What follows is a listing; give it again exactly, in its entirety.
== Records shown ==
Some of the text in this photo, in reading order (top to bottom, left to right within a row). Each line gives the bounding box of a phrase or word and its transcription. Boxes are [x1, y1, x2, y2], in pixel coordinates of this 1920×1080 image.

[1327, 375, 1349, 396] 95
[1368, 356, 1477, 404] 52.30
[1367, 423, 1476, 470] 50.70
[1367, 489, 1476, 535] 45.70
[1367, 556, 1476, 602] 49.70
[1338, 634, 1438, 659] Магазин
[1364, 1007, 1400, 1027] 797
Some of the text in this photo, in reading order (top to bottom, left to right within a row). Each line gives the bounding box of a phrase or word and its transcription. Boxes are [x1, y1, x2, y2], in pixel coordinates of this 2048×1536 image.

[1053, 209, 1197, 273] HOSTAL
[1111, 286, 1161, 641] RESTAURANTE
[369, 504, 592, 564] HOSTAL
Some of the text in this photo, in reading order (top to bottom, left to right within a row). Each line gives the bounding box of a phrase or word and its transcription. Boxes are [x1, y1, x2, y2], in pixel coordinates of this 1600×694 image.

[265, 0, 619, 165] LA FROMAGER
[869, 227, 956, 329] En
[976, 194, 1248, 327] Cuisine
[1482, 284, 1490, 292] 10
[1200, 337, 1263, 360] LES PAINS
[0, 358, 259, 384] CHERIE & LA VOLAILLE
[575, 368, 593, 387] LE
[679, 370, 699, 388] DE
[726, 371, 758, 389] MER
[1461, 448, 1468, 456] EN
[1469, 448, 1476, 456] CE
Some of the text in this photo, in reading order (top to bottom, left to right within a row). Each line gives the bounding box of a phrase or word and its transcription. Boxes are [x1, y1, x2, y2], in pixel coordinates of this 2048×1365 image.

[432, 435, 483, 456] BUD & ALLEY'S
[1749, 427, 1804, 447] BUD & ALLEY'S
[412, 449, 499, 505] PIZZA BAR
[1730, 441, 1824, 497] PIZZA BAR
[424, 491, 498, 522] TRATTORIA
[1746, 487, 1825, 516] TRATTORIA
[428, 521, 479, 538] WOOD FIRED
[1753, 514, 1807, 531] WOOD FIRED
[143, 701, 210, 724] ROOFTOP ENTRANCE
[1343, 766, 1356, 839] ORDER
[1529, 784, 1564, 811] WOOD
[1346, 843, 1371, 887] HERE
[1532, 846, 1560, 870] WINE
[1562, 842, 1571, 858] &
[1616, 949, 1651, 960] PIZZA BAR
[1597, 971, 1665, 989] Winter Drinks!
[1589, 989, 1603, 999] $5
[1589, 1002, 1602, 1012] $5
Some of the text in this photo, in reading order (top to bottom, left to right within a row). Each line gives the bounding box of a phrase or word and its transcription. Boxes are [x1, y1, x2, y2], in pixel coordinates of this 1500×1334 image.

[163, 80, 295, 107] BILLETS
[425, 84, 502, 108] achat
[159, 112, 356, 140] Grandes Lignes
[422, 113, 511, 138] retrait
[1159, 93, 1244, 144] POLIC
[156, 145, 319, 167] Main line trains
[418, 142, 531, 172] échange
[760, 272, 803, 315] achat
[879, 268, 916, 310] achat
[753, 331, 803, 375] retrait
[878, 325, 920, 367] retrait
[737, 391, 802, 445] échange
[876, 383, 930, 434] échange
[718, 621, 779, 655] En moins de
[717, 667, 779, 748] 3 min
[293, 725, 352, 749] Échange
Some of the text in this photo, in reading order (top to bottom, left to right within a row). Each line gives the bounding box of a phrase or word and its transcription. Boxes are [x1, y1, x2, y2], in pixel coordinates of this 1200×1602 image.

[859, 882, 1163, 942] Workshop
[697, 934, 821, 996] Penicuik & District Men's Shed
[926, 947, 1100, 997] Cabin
===
## Task result
Some of the text in this photo, in reading order (top to bottom, left to right within a row). Each line gives the bounding box of a phrase or word and its transcription. Boxes are [x1, y1, x2, y2], in pixel coordinates of this 1920×1080 image.

[1327, 375, 1349, 396] 95
[1368, 356, 1477, 404] 52.30
[1367, 423, 1476, 470] 50.70
[1367, 489, 1476, 535] 45.70
[1367, 556, 1476, 602] 49.70
[1338, 634, 1438, 659] Магазин
[1364, 1007, 1400, 1027] 797
Some of the text in this photo, in reading order (top to bottom, left to right within a row). Each line gives the bounding box of a phrase or word and its transcription. Boxes are [x1, y1, x2, y2], in pixel coordinates of this 2048×1536 image.

[1053, 209, 1197, 273] HOSTAL
[1111, 286, 1161, 641] RESTAURANTE
[369, 504, 592, 564] HOSTAL
Some of the text in this photo, in reading order (top to bottom, left to right within a row). Each line gives the bounding box of a phrase or word and its transcription. Boxes are [x1, y1, x2, y2], in pixel coordinates of this 1600×694 image.

[265, 0, 619, 165] LA FROMAGER
[869, 227, 956, 329] En
[976, 194, 1248, 327] Cuisine
[1482, 284, 1490, 292] 10
[1200, 337, 1263, 360] LES PAINS
[0, 358, 259, 384] CHERIE & LA VOLAILLE
[575, 368, 593, 387] LE
[679, 370, 699, 388] DE
[726, 371, 758, 389] MER
[1461, 448, 1468, 456] EN
[1469, 448, 1476, 456] CE
Some of the text in this photo, in reading order (top to bottom, left to right within a row). Each line gives the bounding box of a phrase or word and its transcription. Boxes are [x1, y1, x2, y2], in pixel coordinates of this 2048×1365 image.

[432, 435, 483, 456] BUD & ALLEY'S
[1749, 427, 1804, 447] BUD & ALLEY'S
[412, 449, 499, 505] PIZZA BAR
[1730, 441, 1824, 497] PIZZA BAR
[424, 491, 498, 522] TRATTORIA
[1746, 487, 1825, 516] TRATTORIA
[428, 521, 479, 538] WOOD FIRED
[1753, 514, 1807, 531] WOOD FIRED
[143, 701, 210, 724] ROOFTOP ENTRANCE
[1343, 766, 1356, 839] ORDER
[1529, 784, 1564, 811] WOOD
[1346, 843, 1371, 887] HERE
[1532, 846, 1560, 870] WINE
[1562, 842, 1571, 858] &
[1616, 949, 1651, 960] PIZZA BAR
[1597, 971, 1665, 989] Winter Drinks!
[1589, 989, 1603, 999] $5
[1589, 1002, 1602, 1012] $5
Some of the text in this photo, in reading order (top to bottom, left to right within a row). Each line gives the bounding box of a phrase or word and its transcription. Boxes are [x1, y1, x2, y2], in pixel coordinates of this 1500×1334 image.

[163, 80, 295, 107] BILLETS
[425, 84, 502, 108] achat
[159, 112, 356, 140] Grandes Lignes
[422, 113, 511, 138] retrait
[1159, 93, 1244, 144] POLIC
[156, 145, 319, 167] Main line trains
[418, 142, 531, 172] échange
[760, 272, 803, 315] achat
[879, 268, 916, 310] achat
[753, 331, 803, 375] retrait
[878, 325, 920, 367] retrait
[737, 391, 802, 445] échange
[876, 383, 930, 434] échange
[718, 621, 779, 655] En moins de
[717, 667, 779, 748] 3 min
[293, 725, 352, 749] Échange
Some of the text in this photo, in reading order (top to bottom, left to right within a row). Each line gives the bounding box of a phrase or word and its transcription. Boxes are [x1, y1, x2, y2], in pixel coordinates of this 1200×1602 image.

[859, 882, 1163, 942] Workshop
[697, 934, 821, 996] Penicuik & District Men's Shed
[926, 947, 1100, 997] Cabin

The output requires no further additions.